At this stage the company joined BEAMA which helped raise the profile of the new-style circuit breaker even further and Doug began looking at the possibility of fitting the technology into a 13amp plug. By this time the prospect of creating an RCD in a plug seemed realistic and there was such industry support and political will behind achieving it too. The result was the Powerbreaker plug-in RCD.

The technology works by constantly monitoring the current flowing in the live and neutral wires supplying a circuit or an individual piece of equipment. Ideally, the current flowing through both wires will remain equal but if an earth leakage occurs due to a fault in the circuit or an accident with the equipment, or if an imbalance occurs, the RCD detects the problem and automatically cuts the power preventing injury or damage. To be effective, an RCD must respond very quickly to even the smallest current leakage, which is why GreenBrook now engineers its RCD units to trip out well within the 200mS recommended time if any current leakage of 30mA or above is detected. Our RCD’s are designed to trip out after only 40 millseconds.

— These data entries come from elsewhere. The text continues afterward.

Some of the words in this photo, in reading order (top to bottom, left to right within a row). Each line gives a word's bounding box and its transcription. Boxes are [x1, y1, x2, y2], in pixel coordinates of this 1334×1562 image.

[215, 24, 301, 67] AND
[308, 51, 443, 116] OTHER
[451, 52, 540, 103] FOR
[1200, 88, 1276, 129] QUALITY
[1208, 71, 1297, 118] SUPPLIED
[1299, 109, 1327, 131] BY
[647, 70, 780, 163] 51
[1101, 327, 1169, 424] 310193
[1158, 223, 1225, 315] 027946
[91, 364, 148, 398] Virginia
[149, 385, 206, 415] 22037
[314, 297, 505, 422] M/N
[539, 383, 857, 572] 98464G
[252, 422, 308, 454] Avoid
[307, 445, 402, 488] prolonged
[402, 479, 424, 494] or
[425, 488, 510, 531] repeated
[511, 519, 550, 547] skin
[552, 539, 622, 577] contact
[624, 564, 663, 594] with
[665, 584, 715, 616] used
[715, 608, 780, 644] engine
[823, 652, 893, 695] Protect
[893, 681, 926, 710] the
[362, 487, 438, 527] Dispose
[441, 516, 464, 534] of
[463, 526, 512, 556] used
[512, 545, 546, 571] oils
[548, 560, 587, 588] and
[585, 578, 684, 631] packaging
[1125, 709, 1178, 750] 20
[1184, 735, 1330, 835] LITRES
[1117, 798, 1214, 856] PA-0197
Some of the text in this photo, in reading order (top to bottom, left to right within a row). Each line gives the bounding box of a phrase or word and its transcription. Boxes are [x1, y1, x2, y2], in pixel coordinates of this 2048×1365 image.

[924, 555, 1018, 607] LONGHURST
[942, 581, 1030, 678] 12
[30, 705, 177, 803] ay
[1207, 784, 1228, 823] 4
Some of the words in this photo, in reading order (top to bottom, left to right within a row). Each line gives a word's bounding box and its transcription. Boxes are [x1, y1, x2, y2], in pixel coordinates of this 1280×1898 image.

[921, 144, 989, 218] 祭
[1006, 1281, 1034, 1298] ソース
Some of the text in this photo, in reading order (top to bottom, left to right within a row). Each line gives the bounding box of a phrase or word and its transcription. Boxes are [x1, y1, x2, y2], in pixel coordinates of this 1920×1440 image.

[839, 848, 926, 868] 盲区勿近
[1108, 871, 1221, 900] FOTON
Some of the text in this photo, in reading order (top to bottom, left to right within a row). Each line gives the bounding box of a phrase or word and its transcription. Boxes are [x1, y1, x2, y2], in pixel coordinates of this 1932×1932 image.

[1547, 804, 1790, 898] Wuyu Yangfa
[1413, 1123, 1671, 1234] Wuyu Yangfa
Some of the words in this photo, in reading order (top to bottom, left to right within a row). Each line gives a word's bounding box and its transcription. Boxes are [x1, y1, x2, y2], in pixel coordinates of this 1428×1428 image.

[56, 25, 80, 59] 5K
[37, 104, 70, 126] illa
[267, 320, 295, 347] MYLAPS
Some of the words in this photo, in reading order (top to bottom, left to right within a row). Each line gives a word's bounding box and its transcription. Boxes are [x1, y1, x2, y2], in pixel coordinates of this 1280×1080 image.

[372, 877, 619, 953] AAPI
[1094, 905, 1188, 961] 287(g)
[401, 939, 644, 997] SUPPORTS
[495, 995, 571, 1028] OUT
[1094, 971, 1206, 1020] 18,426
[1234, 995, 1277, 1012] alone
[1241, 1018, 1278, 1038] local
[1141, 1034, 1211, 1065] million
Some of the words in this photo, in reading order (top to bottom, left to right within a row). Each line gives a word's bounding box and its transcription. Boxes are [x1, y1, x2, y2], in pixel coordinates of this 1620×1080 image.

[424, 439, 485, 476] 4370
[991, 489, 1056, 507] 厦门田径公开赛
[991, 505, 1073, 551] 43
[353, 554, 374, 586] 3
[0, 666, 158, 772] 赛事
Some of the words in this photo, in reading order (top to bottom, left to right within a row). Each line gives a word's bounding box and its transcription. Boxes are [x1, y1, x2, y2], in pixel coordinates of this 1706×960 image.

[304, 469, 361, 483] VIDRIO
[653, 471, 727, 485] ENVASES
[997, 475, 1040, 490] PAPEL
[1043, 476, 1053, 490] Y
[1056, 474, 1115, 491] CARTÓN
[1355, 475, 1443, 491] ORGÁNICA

GreenBrook was also responsible for introducing the first double pole RCD in 1988. Broadly speaking, today there are three types of fixed RCD. For domestic use the main product types are consumer board modules, which, following the 17th edition of the wiring regulations are now required in all new installations, and SRCD wall socket units, which replace the standard, unprotected socket outlet. In commercial environments, where there may be a need to wire the appliance directly into the wall without a socket, FCU spur units are also available. These are Installed in the same way as an SRCD, but have only the RCD buttons, a fuse holder and provision for a cable to be wired in direct, making them ideal for applications like hand-dryers in public toilets.

There is still a huge market for portable RCD products - ranging from plugs that can be fitted to individual appliances, adaptors that can be moved from appliance to appliance and in-line RCDs which are best suited to applications where equipment may need to be moved around a lot. For many, portable RCDs and SRCDs remain the safest and most reliable as they protect the user at the point of use. What’s more, they do not present the problems with nuisance tripping associated with consumer board modules.

The use of RCDs is now routine in both commercial and domestic settings and wholesalers and contractors need to recognise their advantages in terms of enhanced safety and added value when compared to standard plugs and sockets. GreenBrook is continuing to develop the concept and is currently working on bringing the next generation of SRCDs to market.